═════ Data records ═════

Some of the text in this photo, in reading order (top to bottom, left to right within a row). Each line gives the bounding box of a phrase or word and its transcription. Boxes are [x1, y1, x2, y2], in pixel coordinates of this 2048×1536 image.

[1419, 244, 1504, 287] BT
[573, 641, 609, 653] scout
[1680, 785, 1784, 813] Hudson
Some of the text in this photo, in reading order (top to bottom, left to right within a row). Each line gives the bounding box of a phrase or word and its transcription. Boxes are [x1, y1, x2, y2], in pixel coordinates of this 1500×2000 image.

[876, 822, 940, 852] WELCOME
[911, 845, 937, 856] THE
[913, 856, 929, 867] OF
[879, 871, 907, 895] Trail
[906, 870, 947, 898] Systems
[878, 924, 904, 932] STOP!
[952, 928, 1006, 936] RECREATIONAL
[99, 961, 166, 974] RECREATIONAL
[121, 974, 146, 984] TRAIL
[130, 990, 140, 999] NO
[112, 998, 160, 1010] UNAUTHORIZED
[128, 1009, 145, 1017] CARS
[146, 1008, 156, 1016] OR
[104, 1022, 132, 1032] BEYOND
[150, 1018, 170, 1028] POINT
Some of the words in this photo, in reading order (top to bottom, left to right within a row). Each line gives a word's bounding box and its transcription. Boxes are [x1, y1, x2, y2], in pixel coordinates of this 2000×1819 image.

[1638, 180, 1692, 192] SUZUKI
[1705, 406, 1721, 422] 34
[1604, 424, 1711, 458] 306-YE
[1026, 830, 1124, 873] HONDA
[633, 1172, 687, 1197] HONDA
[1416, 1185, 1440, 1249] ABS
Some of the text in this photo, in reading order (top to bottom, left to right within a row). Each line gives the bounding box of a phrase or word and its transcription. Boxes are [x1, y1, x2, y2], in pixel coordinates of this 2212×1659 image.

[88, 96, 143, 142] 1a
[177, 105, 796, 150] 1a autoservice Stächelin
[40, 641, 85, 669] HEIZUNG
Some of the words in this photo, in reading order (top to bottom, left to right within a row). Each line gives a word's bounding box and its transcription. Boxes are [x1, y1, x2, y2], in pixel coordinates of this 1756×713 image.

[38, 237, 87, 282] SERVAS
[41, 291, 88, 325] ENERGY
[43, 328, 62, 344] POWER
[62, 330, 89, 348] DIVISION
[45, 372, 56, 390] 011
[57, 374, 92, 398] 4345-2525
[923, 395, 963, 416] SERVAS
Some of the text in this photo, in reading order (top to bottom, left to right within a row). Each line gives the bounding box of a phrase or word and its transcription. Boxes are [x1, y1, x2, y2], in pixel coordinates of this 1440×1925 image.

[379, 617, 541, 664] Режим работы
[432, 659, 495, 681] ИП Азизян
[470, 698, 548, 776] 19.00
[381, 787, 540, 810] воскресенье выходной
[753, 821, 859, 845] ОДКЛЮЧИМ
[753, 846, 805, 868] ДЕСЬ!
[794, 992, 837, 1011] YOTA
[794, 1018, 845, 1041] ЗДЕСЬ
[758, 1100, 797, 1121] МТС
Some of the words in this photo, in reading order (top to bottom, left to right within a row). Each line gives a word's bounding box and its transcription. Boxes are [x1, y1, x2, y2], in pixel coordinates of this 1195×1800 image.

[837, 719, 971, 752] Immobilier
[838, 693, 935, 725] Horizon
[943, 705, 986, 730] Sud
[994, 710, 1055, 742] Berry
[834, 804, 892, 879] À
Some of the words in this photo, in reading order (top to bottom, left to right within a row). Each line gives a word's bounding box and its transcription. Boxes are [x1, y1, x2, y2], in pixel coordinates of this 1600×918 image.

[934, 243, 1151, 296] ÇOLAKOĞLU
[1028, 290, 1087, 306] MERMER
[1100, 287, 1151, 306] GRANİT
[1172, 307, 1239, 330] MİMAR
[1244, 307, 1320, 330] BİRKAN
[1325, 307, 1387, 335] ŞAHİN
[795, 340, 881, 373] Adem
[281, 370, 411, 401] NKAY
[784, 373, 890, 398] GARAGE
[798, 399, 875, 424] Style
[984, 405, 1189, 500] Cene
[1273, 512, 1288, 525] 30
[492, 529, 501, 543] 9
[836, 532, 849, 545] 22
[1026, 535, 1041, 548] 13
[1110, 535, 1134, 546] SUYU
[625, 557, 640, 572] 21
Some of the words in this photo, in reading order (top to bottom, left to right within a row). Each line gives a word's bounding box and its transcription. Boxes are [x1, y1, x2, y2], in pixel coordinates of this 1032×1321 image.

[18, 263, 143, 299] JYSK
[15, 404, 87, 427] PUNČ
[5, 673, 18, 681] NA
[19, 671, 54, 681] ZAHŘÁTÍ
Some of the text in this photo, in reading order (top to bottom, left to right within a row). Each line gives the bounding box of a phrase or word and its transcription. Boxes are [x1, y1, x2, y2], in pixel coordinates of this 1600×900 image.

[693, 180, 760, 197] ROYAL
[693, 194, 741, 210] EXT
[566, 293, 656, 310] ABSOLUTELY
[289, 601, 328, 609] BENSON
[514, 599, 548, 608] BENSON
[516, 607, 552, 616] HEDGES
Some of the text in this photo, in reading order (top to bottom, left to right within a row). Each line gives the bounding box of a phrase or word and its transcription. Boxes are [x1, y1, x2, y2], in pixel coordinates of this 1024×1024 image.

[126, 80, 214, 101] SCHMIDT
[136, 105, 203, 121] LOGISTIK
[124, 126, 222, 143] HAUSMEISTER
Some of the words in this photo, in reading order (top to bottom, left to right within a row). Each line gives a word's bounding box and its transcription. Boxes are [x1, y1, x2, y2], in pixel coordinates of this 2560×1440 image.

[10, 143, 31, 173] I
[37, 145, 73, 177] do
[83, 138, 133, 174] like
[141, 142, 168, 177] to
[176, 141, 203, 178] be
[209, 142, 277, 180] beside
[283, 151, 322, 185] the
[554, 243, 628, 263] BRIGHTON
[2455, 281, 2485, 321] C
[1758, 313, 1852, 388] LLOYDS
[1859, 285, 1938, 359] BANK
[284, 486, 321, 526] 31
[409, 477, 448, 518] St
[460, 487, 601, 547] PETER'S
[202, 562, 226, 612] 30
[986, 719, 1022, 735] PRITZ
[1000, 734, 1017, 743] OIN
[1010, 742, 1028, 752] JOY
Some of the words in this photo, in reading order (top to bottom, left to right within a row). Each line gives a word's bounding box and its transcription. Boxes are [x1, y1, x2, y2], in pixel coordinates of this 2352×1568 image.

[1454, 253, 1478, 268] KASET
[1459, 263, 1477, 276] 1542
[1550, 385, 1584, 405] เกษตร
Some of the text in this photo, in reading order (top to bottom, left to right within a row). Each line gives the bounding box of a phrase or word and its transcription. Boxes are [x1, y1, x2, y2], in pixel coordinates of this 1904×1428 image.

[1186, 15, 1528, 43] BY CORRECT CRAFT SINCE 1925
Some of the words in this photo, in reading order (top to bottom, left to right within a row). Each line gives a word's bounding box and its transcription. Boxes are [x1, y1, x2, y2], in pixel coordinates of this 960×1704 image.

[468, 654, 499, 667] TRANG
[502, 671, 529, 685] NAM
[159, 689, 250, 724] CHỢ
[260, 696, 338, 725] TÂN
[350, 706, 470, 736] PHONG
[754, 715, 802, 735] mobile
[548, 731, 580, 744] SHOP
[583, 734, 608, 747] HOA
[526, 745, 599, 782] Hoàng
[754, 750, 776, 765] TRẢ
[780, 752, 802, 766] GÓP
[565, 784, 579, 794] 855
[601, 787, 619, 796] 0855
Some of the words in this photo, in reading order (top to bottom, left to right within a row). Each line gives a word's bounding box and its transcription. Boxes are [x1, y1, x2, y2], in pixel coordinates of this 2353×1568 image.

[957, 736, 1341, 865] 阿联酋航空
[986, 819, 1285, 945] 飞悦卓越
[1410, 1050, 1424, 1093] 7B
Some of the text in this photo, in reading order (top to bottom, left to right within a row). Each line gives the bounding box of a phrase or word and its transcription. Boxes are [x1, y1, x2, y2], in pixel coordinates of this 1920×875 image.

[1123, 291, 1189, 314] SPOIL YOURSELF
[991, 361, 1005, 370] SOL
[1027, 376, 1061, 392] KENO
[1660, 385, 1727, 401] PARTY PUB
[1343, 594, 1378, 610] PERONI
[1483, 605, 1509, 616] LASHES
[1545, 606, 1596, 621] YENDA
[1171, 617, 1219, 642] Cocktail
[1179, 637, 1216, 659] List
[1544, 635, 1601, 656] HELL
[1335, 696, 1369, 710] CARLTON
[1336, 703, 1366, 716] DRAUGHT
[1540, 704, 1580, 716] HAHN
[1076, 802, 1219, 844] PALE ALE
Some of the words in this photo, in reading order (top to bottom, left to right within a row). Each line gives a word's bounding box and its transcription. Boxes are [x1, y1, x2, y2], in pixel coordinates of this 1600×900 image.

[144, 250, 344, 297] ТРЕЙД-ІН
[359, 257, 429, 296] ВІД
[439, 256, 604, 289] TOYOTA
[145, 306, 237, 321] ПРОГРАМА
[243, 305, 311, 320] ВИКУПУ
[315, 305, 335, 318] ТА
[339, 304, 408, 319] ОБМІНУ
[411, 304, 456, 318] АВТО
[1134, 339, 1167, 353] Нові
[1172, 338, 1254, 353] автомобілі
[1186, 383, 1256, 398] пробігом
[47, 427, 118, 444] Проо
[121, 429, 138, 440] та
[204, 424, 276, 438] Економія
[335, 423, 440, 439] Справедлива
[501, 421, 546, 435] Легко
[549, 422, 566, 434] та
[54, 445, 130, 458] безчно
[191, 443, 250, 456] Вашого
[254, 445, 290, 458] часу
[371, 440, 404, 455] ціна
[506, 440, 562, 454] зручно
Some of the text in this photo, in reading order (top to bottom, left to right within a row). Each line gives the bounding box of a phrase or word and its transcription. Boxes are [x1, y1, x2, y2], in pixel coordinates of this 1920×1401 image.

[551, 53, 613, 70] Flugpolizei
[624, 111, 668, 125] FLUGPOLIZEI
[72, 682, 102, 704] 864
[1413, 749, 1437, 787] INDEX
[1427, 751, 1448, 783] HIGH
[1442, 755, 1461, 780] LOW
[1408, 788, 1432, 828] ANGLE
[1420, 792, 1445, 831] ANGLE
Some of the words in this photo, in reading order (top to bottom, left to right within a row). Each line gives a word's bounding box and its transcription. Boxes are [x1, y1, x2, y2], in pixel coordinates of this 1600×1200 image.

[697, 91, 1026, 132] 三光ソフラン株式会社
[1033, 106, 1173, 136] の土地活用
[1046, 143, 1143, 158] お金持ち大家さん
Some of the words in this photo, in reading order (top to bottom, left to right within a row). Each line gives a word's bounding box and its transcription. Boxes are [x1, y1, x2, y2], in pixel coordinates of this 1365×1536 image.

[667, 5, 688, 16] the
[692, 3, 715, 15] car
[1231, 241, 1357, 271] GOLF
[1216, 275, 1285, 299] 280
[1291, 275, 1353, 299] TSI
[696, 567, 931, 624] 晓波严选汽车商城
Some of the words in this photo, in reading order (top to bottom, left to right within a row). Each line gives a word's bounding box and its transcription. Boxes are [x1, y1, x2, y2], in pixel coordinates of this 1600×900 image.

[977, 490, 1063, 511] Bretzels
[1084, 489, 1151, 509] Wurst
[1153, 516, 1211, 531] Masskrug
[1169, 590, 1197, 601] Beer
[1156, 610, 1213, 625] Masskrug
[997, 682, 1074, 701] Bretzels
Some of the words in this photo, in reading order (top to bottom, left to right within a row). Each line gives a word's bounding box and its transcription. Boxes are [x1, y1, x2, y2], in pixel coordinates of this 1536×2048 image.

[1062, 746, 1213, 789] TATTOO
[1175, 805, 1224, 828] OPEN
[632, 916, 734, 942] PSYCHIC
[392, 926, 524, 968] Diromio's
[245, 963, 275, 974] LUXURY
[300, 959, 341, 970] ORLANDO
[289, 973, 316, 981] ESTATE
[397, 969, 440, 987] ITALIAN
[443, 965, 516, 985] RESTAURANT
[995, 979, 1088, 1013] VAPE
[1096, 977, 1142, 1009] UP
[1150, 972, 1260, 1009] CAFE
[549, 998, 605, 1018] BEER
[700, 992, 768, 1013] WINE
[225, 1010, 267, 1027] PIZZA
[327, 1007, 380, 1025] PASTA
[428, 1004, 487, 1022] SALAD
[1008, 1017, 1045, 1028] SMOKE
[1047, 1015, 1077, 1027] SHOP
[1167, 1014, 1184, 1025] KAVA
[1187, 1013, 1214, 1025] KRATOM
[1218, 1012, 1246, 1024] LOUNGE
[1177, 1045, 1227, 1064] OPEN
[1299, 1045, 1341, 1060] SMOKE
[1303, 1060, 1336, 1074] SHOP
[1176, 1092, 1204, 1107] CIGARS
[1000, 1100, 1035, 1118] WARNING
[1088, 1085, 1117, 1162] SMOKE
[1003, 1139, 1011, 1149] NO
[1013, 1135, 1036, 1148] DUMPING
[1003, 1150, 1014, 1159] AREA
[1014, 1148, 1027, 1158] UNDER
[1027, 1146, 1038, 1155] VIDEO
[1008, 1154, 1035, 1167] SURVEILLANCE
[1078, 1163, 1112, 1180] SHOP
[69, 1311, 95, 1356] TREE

═════

[The problem]: Print exactly the stretch of lines beginning with the one that holds "this 1536×2048 image." and ending at the last line above.

[The answer]:
Some of the words in this photo, in reading order (top to bottom, left to right within a row). Each line gives a word's bounding box and its transcription. Boxes are [x1, y1, x2, y2], in pixel coordinates of this 1536×2048 image.

[1062, 746, 1213, 789] TATTOO
[1175, 805, 1224, 828] OPEN
[632, 916, 734, 942] PSYCHIC
[392, 926, 524, 968] Diromio's
[245, 963, 275, 974] LUXURY
[300, 959, 341, 970] ORLANDO
[289, 973, 316, 981] ESTATE
[397, 969, 440, 987] ITALIAN
[443, 965, 516, 985] RESTAURANT
[995, 979, 1088, 1013] VAPE
[1096, 977, 1142, 1009] UP
[1150, 972, 1260, 1009] CAFE
[549, 998, 605, 1018] BEER
[700, 992, 768, 1013] WINE
[225, 1010, 267, 1027] PIZZA
[327, 1007, 380, 1025] PASTA
[428, 1004, 487, 1022] SALAD
[1008, 1017, 1045, 1028] SMOKE
[1047, 1015, 1077, 1027] SHOP
[1167, 1014, 1184, 1025] KAVA
[1187, 1013, 1214, 1025] KRATOM
[1218, 1012, 1246, 1024] LOUNGE
[1177, 1045, 1227, 1064] OPEN
[1299, 1045, 1341, 1060] SMOKE
[1303, 1060, 1336, 1074] SHOP
[1176, 1092, 1204, 1107] CIGARS
[1000, 1100, 1035, 1118] WARNING
[1088, 1085, 1117, 1162] SMOKE
[1003, 1139, 1011, 1149] NO
[1013, 1135, 1036, 1148] DUMPING
[1003, 1150, 1014, 1159] AREA
[1014, 1148, 1027, 1158] UNDER
[1027, 1146, 1038, 1155] VIDEO
[1008, 1154, 1035, 1167] SURVEILLANCE
[1078, 1163, 1112, 1180] SHOP
[69, 1311, 95, 1356] TREE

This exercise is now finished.